Fuck you, heartwork is carcass at it’s best. I’m gonna go put on some sodom & rub my nipples with a fork to the saw is the law now. No drinking though, antibiotics. You should use a pic of the infection for the next smr.
the only good thing this site has ever done anything for me is recommending serpents ascending’s anaku. this is an incredible release and well worth shifting through the nonsense this site has to offer
I was able to get into this band on my own with no recommendation from anyone when their first CD The Enigma Unsettled was released. Really this site sucks and following current death metal, but they do recommend great current black metal and the old ANUS site pretty much has everything you need to build a solid classic metal library, and I’m eternally grateful for that because I was listening to fucking Razorback Records shit back then.
Modern death metal is mostly dead. Most of what we touch ends up in the Sadistic Metal Reviews.
The best modern death metal band is probably Desecresy. Dead Congregation are good but not great.
I am thinking of reviewing my entire CD collection at some point and being as honest as possible with myself and whether was a good investment of time and money.

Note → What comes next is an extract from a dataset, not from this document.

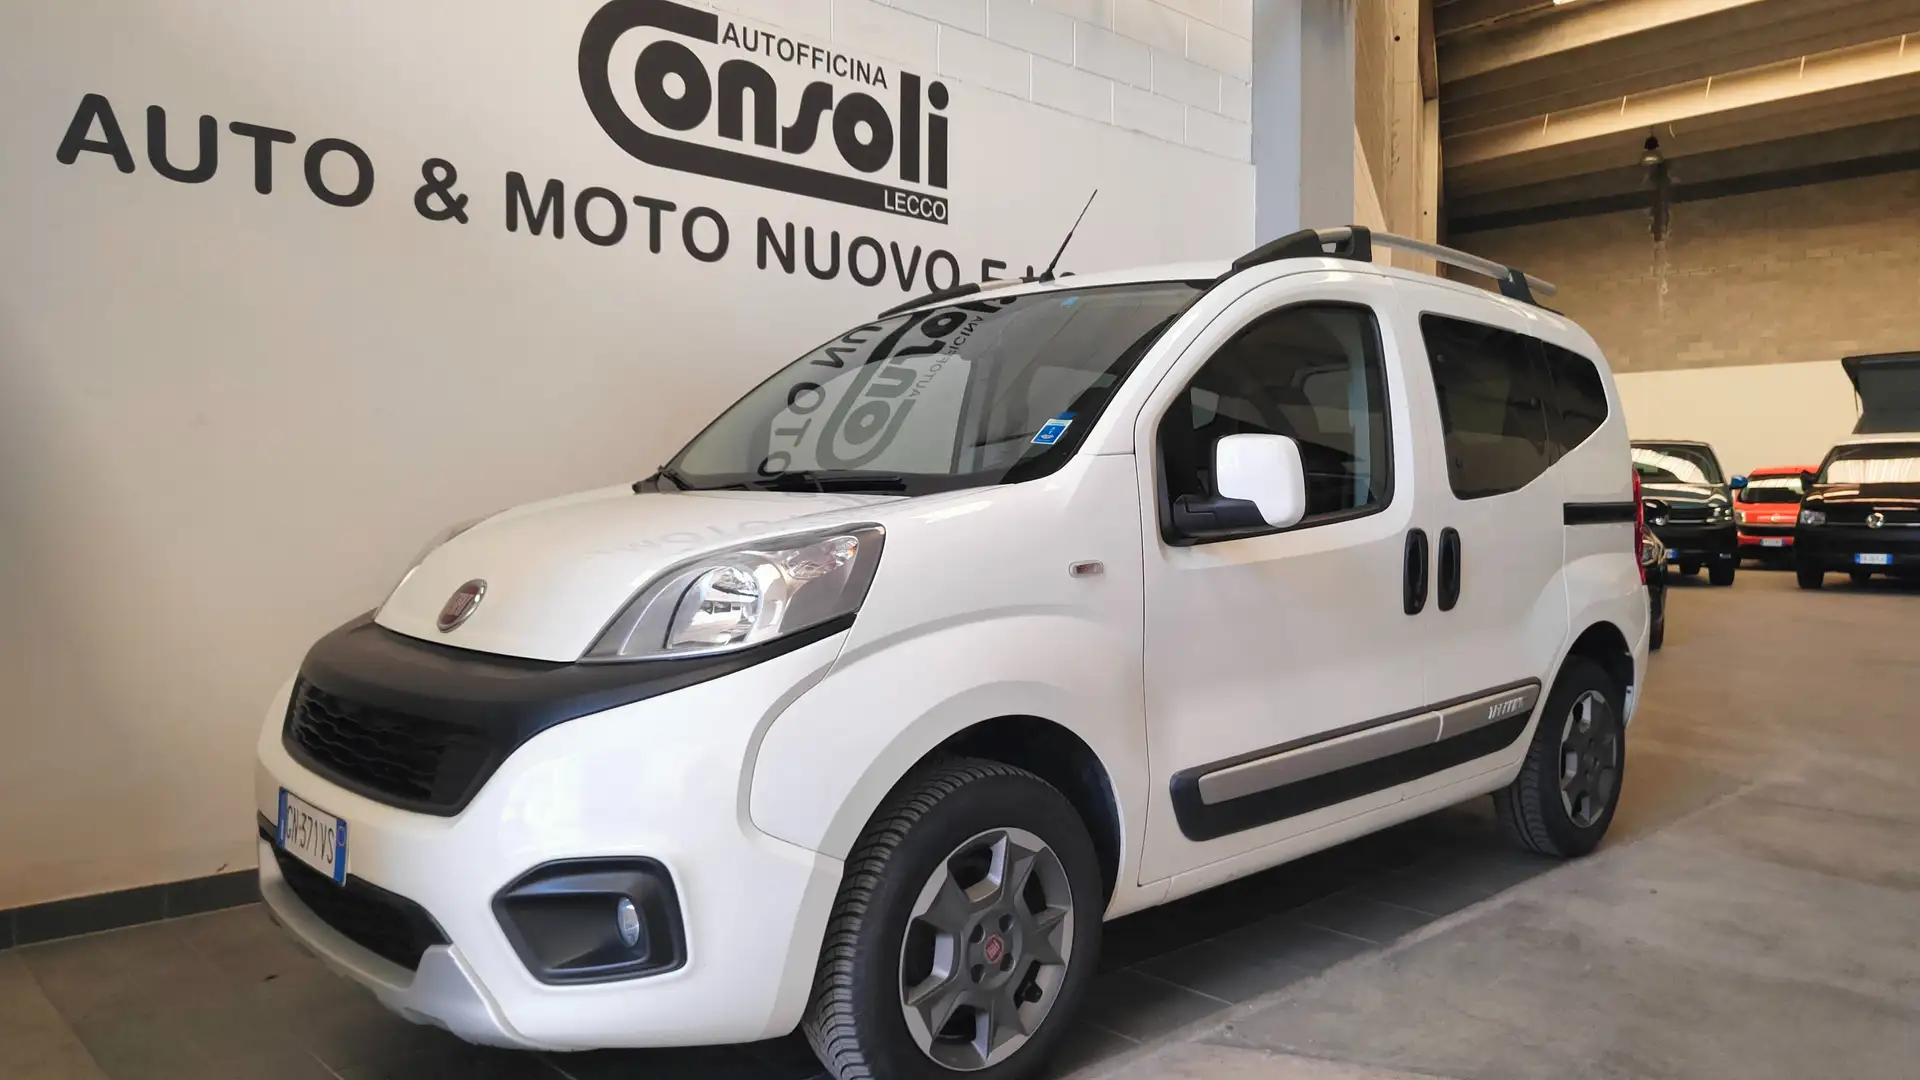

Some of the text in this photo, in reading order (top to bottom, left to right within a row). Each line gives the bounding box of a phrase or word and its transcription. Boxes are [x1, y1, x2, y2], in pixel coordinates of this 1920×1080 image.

I will say the earlier classics had a feeling that the artists themselves were intimidated by this raw form new form of expression and were able to make coherent statements whereas modern death metal is a sustaining of form for the sake of preservation and participation. Woo! But I still like a lot of what I hear, I can agree and disagree almost at the same time with a lot of sentiments here. I don’t agree that modern death metal is dead. I do agree a lot of it is pointless.
I t think this article is great, whether the music is to my personal tastes, or not. It is in direct opposition to all the metal fatalists. Metal burns deep; embers impossible to quench.
SERPENT ASCENDING competes with the best from the past?
lolololololololololol
I almost feel like optimism is being shoved down my throat. What’s next? An article dedicated to kumbaya?
kumbaya Smackdown 07-12-2001 Steve Austin and Kurt Angle sing to Mr. McMahon http://www.dailymotion.com/video/x1vhz8o_smackdown-07-12-2001-steve-austin-and-kurt-angle-sing-to-mr-mcmahon_sport
yeah that shit’s pretty annoying
I discovered for myself some very good bands and albums with the help of DMU’s Best-ofs. Things i keep listening to.
A couple of years ago, i was thinking there was nothing interesting in metal any more.
Now i know there’s Sorcier Des Glaces, Graveland, Sammath, Varathron (new & old).
Sure, if all you listen to is True Ungerground Black Kvult Metal.
If, on the other hand, you have some horizontal breadth in your music consumption habits, SDG, Graveland post 90s, and Varathron are dust in the cracks of the floorboards of history.
If you’re as cool as me, the only thing you listen to from DMU ‘best ofs’ in the last 5 years is PERDITION fucking TEMPLE.
kek suks dik and u guys r bunch of juice
Want to know how guys evaluate the new Gorguts.
It’s bad.
I have always been disappointed by Gorguts after the demo and first album.
Somebody must like that new gay shit I guess, how else can Luc keep releasing albums?
LET METAL DIE.
Why the fuck do people feel the need to always consume new products of a certain Kind? Go discover pre-classical, classical, and post-classical music. Go discover electronica. Go discover progressive rock.
Indeed, but not electronica or progressive rock. New metal like Serpent Ascending is the future? Sad!
Go discover progressive rock
If were the president of this land
I’d declare total war on the pork rock men
ugh, prog rock / prog metal is a gamble …ALWAYS.
It doesn’t matter if the download is free or found for free, cuz many times it has a faggy sounding singer.
Somebody go back in time and assassinate Bruce Dickinson, so nobody was influenced by that big ham, and it all stayed real and normal with Byford or Di’anno-types instead.
I’m late to this one and maybe no one will ever see this but great article. Played antichrist and kaeck back to back after reading.